» PROBLEM DESCRIPTION
Type out the listing below exactly. Pictures stay out of it.

» SOURCE MATERIAL
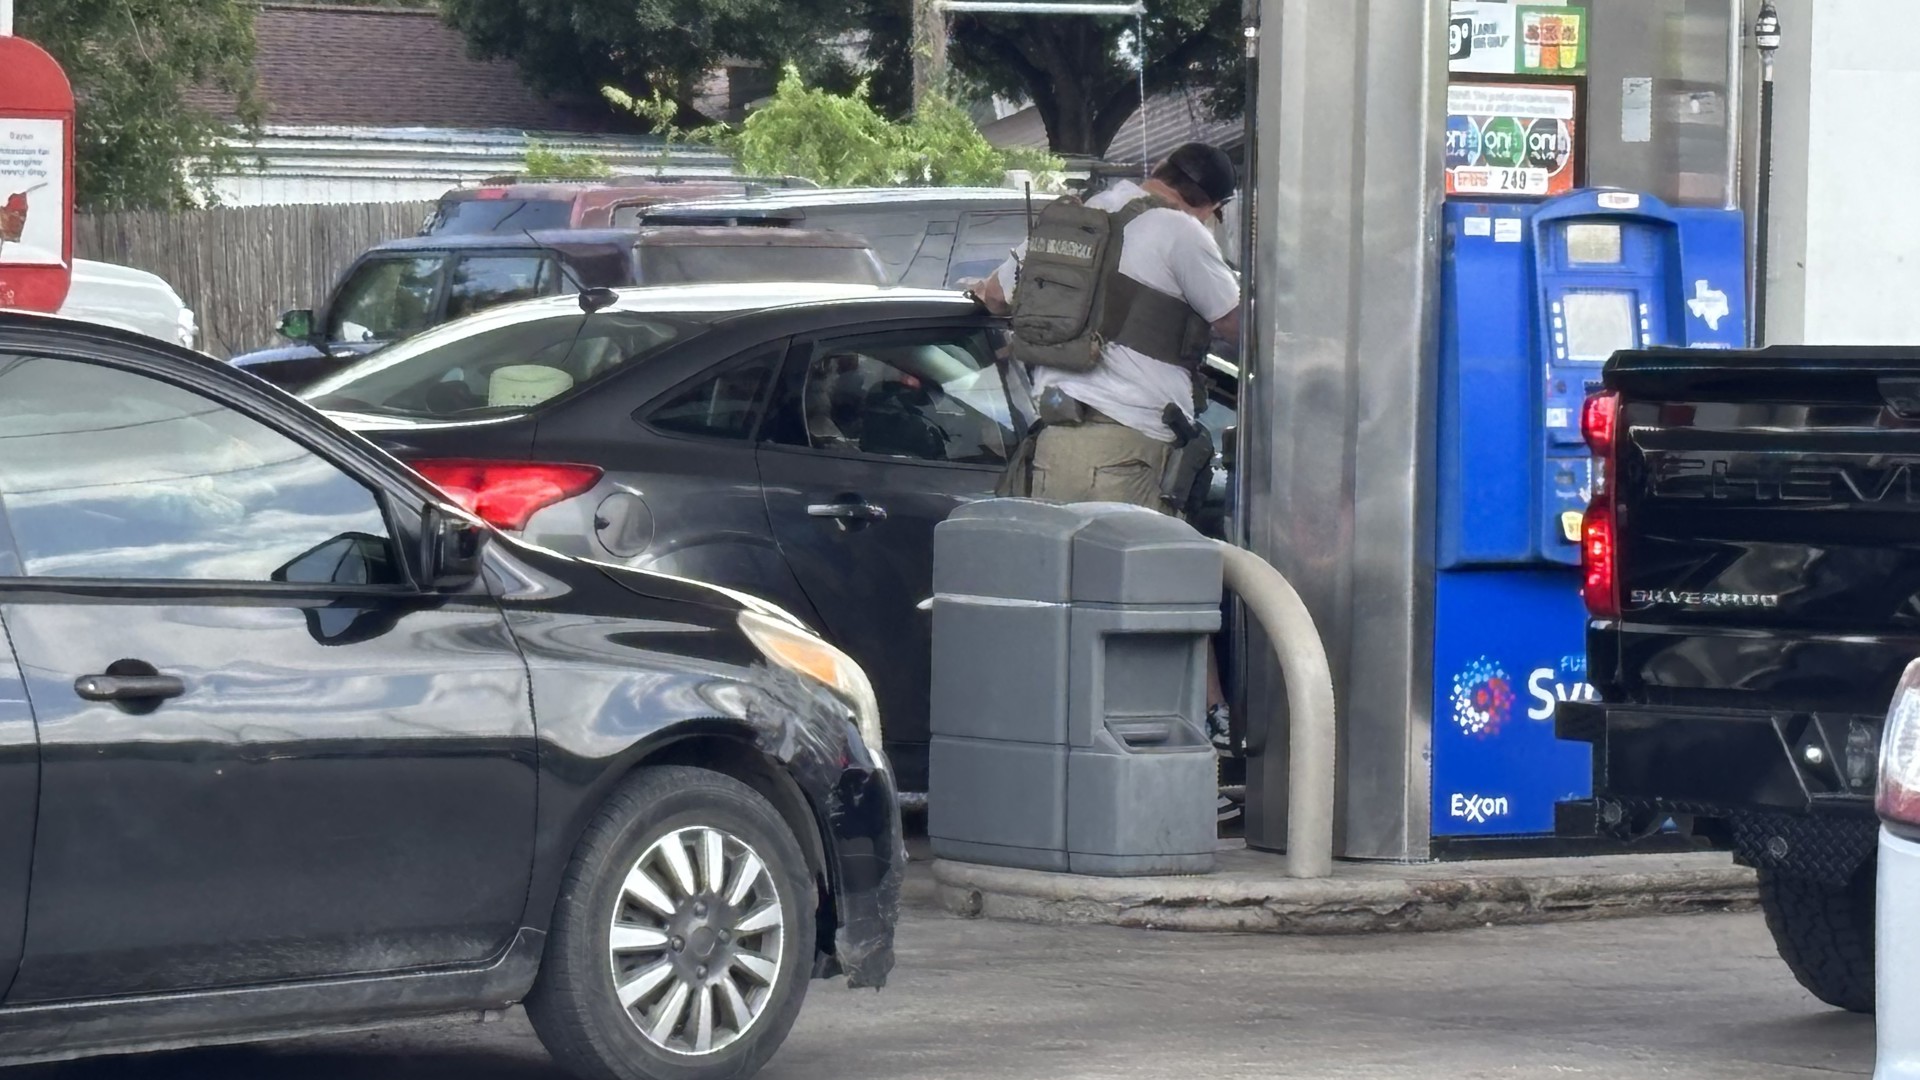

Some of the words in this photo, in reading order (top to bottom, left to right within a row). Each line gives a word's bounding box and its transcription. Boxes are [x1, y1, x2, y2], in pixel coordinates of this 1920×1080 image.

[1650, 456, 1920, 503] CHEV
[1629, 588, 1779, 607] SILVERADO
[1450, 792, 1509, 824] Exxon
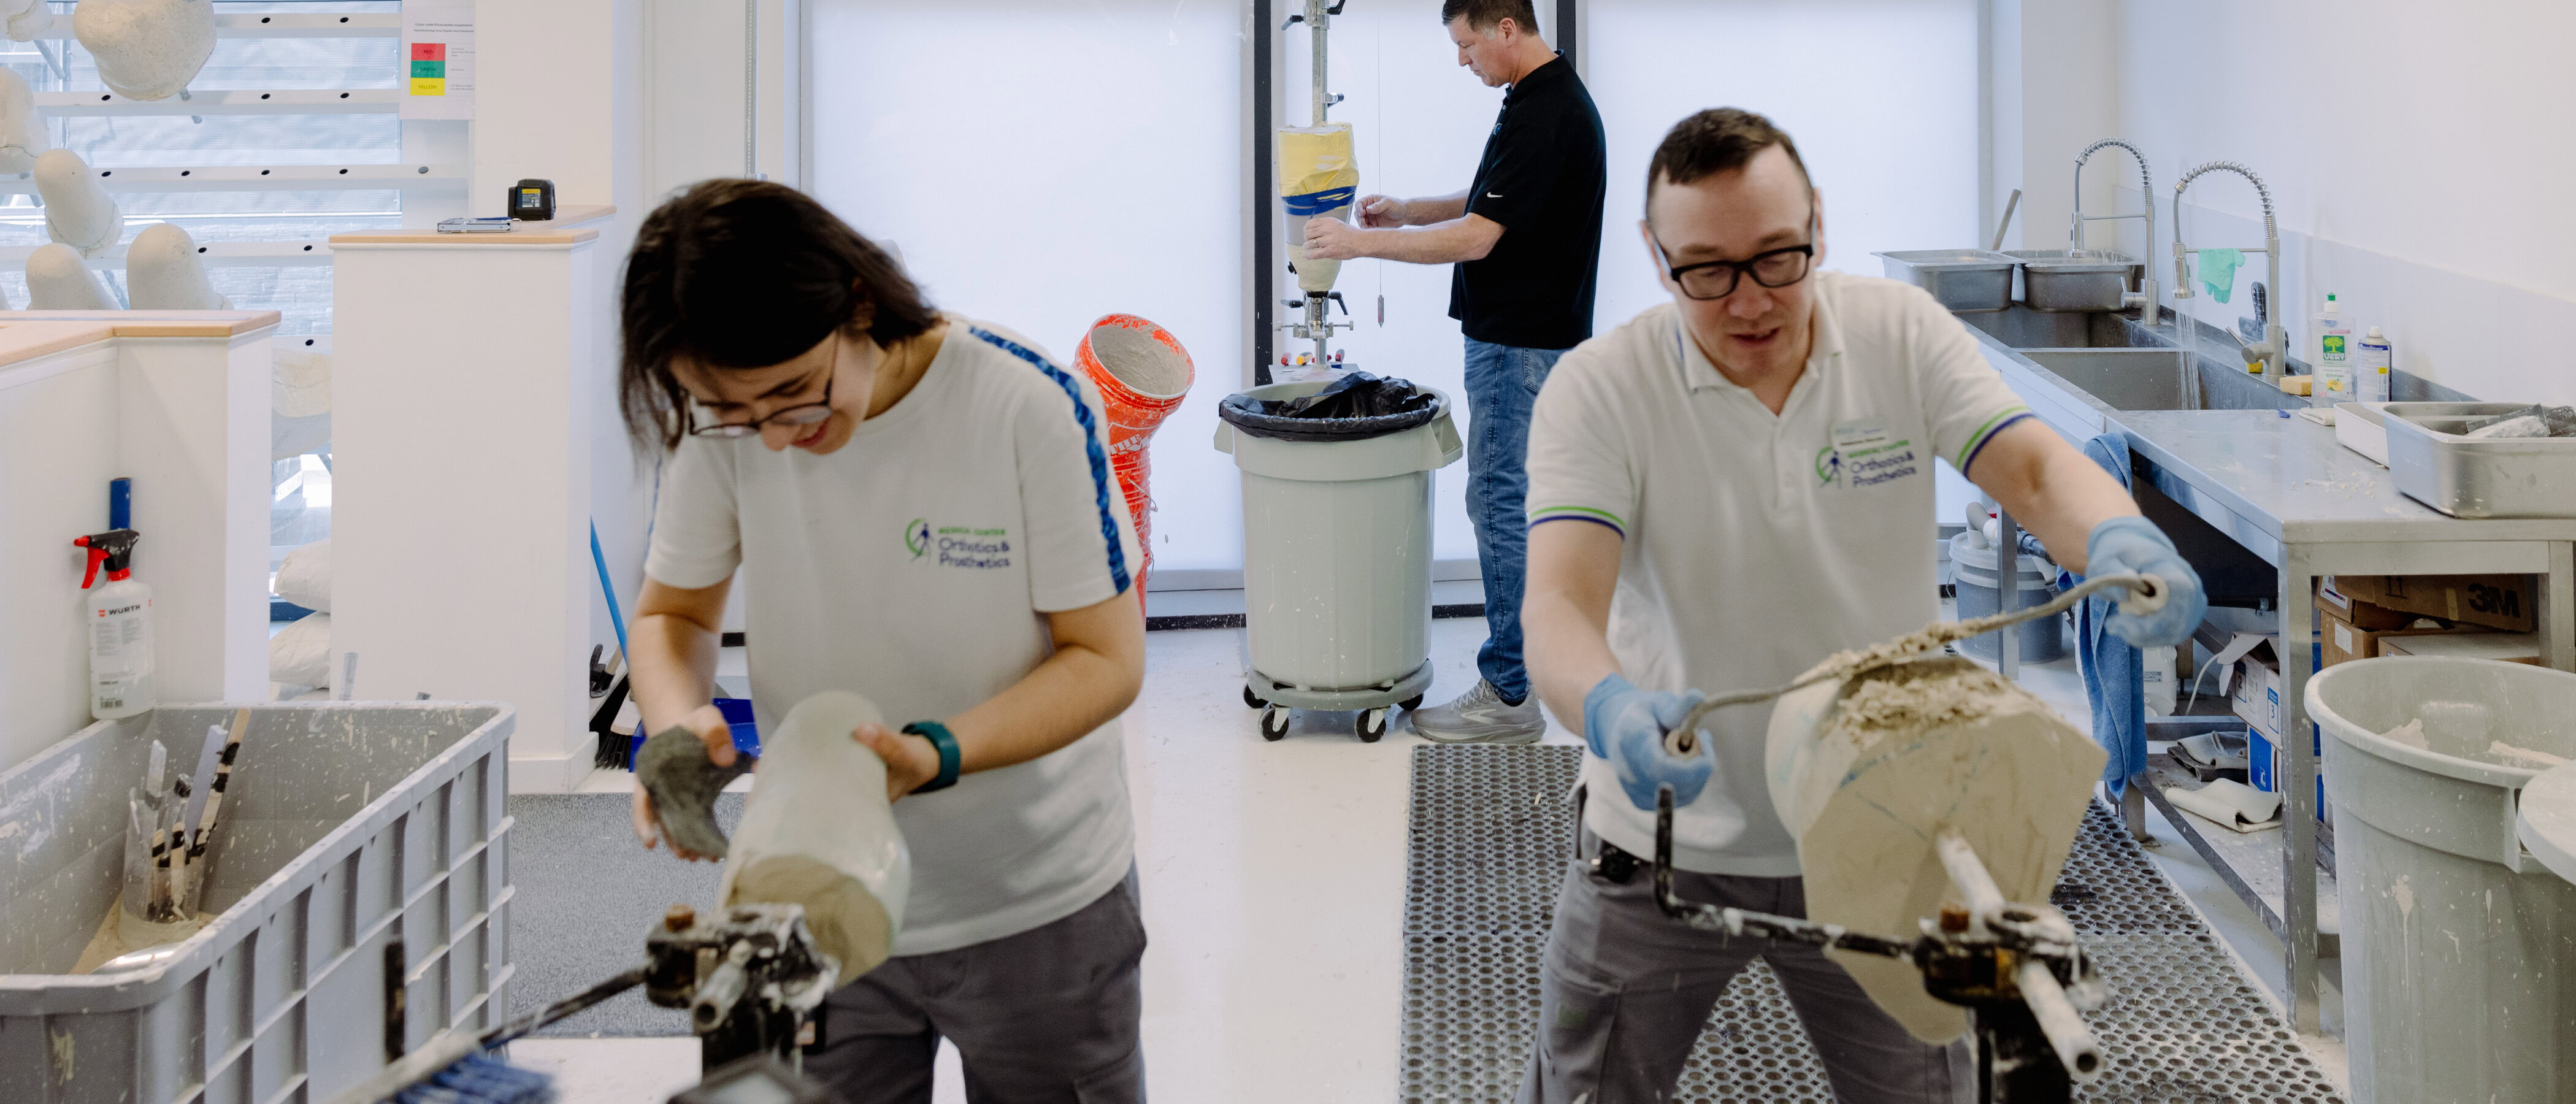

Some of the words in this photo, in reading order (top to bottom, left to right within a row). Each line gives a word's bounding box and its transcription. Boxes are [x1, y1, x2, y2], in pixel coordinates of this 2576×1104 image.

[1853, 466, 1917, 488] Prosthetics
[939, 552, 1011, 569] Prosthetics
[2467, 583, 2520, 618] 3M
[2238, 675, 2242, 689] 2
[2271, 704, 2275, 718] 3

» RESULT OF THIS TASK
Some of the words in this photo, in reading order (top to bottom, left to right within a row). Each line gives a word's bounding box and its transcription. Boxes are [x1, y1, x2, y2], in pixel coordinates of this 1920×1080 image.

[1650, 456, 1920, 503] CHEV
[1629, 588, 1779, 607] SILVERADO
[1450, 792, 1509, 824] Exxon

Some of the words in this photo, in reading order (top to bottom, left to right within a row). Each line gives a word's bounding box and its transcription. Boxes are [x1, y1, x2, y2], in pixel coordinates of this 2576×1104 image.

[1853, 466, 1917, 488] Prosthetics
[939, 552, 1011, 569] Prosthetics
[2467, 583, 2520, 618] 3M
[2238, 675, 2242, 689] 2
[2271, 704, 2275, 718] 3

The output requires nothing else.